Finally, the dark makes those 20mph zones and traffic calming tables and humps seem worse too.
 
Love driving at any time in any weather, but have been struggling with night driving recently which was bugging me because I drive at least 3 nights a week. On close inspection of my glasses they have got lots of tiny scratches on the lens surface so I found the spare pair Specsavers had given me as a sorry we cocked up (but that's a whole different thread) and bingo no problem driving at night, all of the flaring and bad focus was due to my one year old glasses.

Never use those lens cleaning tissues. They ruined a pair of mine by degrading the lens coating.
 
I enjoy driving at night.

I had started to find it really difficult with the glare and flare from oncoming headlights….. made worse by folk whose own eyesight is not what it used to be and who think fitting brighter lights, made even worse with incorrect dip patterns, is the answer to their problem.

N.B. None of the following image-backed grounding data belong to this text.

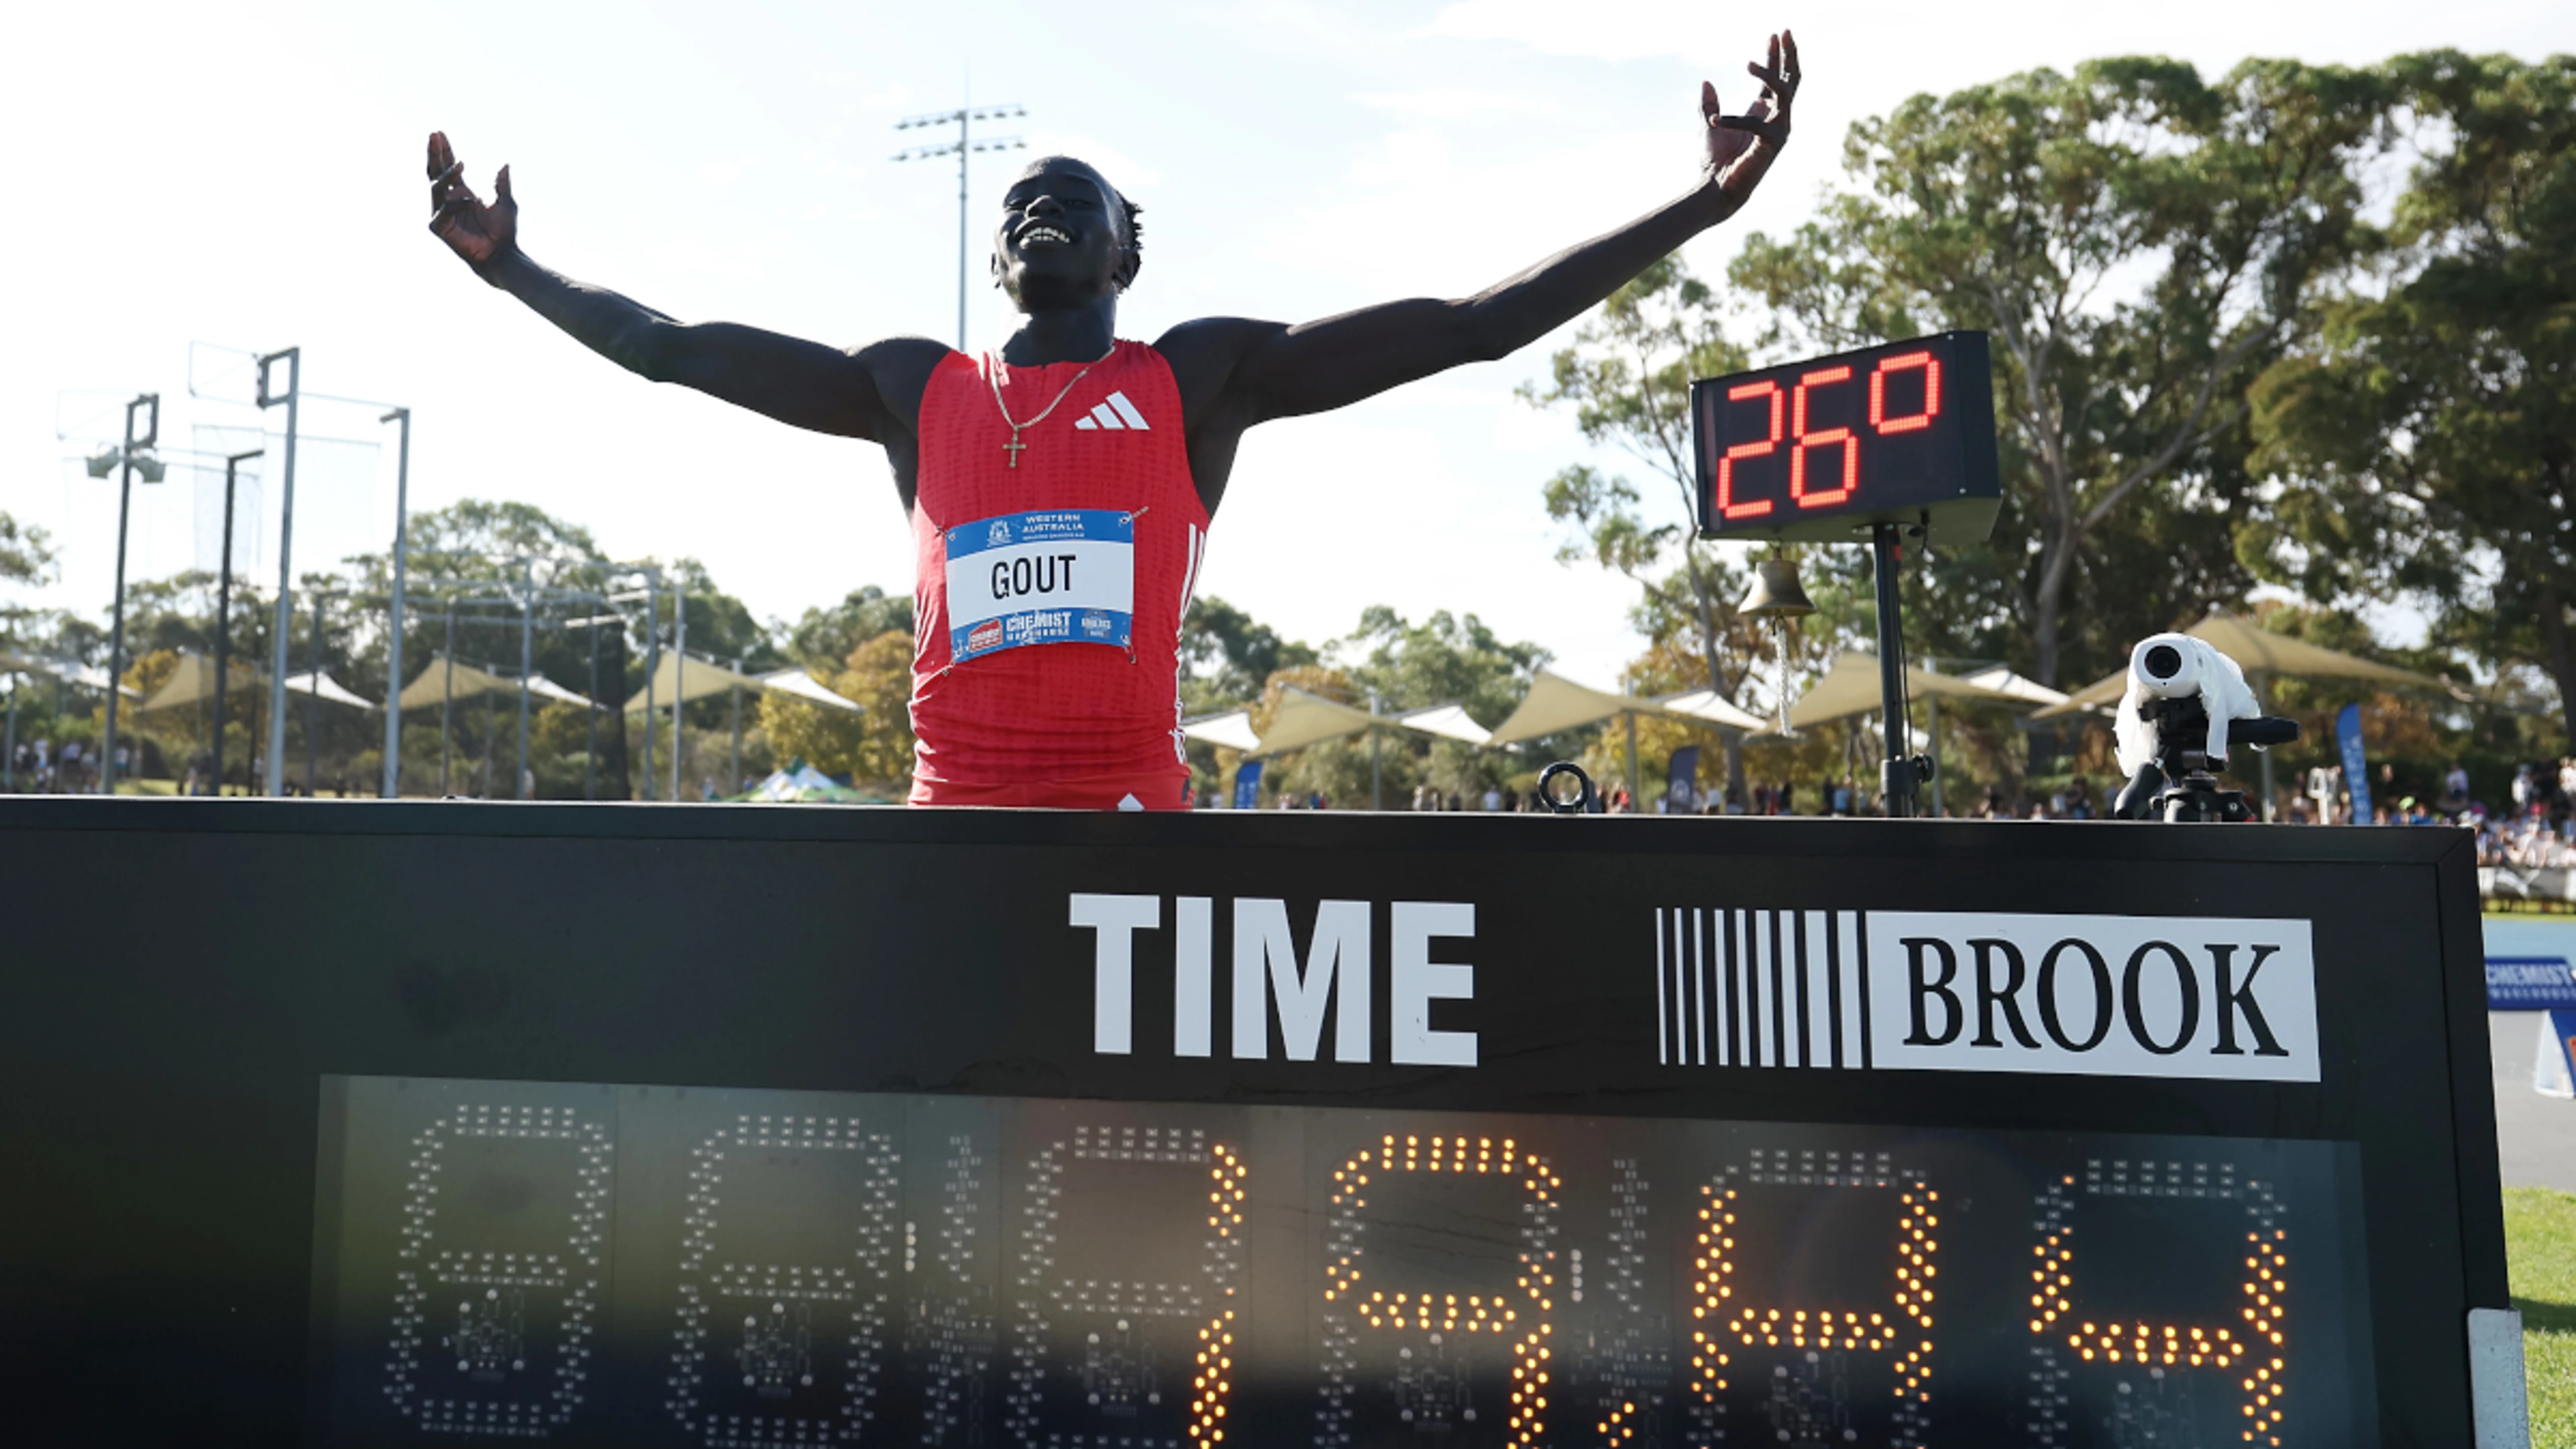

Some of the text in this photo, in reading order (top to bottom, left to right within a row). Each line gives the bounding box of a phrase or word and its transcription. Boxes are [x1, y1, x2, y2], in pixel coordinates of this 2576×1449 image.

[1022, 523, 1085, 533] AUSTRALIA
[1025, 514, 1081, 523] WESTERN
[991, 554, 1076, 600] GOUT
[1006, 611, 1071, 631] CHEMIST
[1069, 893, 1478, 1067] TIME
[1899, 937, 2290, 1057] BROOK
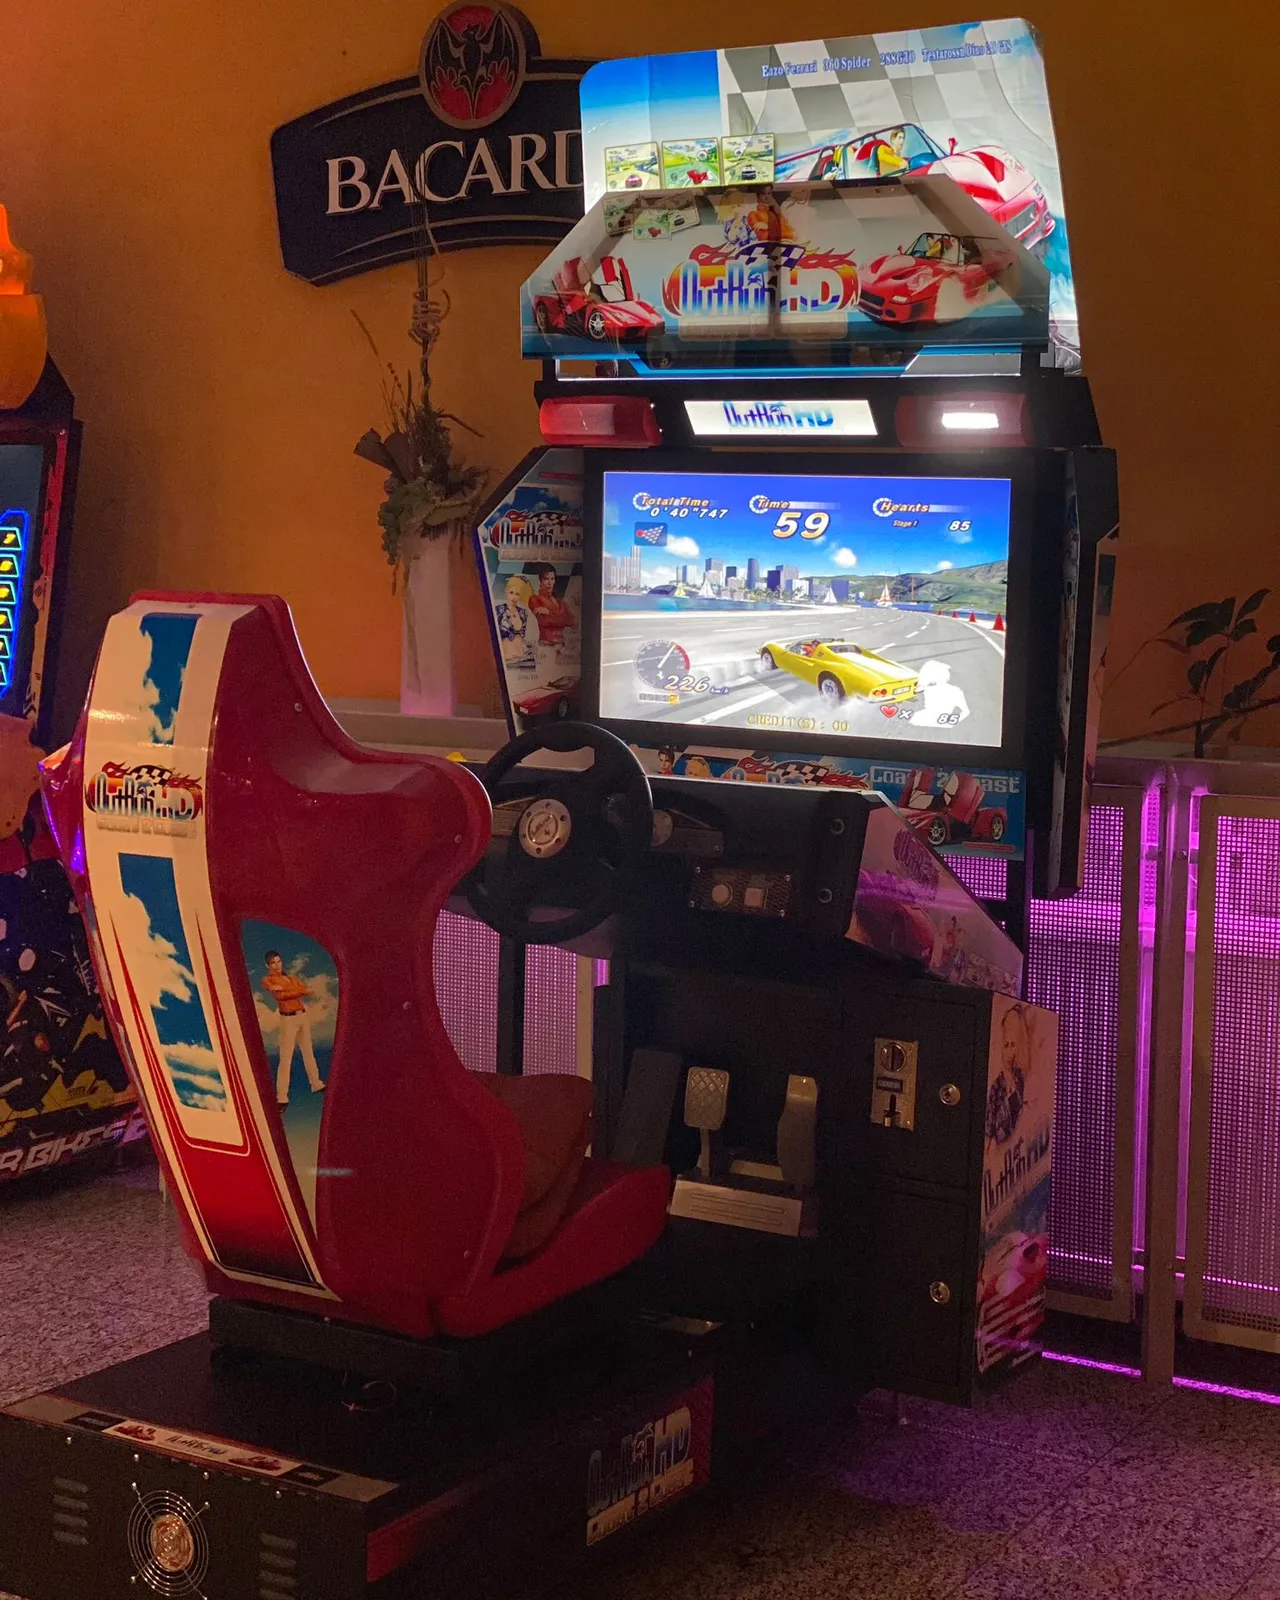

It is now just over 12 months since I had my cataracts removed and good quality (not on the NHS) extended range lenses implanted. I now no longer need to wear glasses (which I have had to do for short-sightedness since the age of 10) and I am happy to drive at night once again. (y)

Perhaps it may be a good idea for some Funsters to visit their Optician? :unsure:
Sounds a good idea to visit the optician and explore costs rather than waste time going blind enough to be treated by nhs.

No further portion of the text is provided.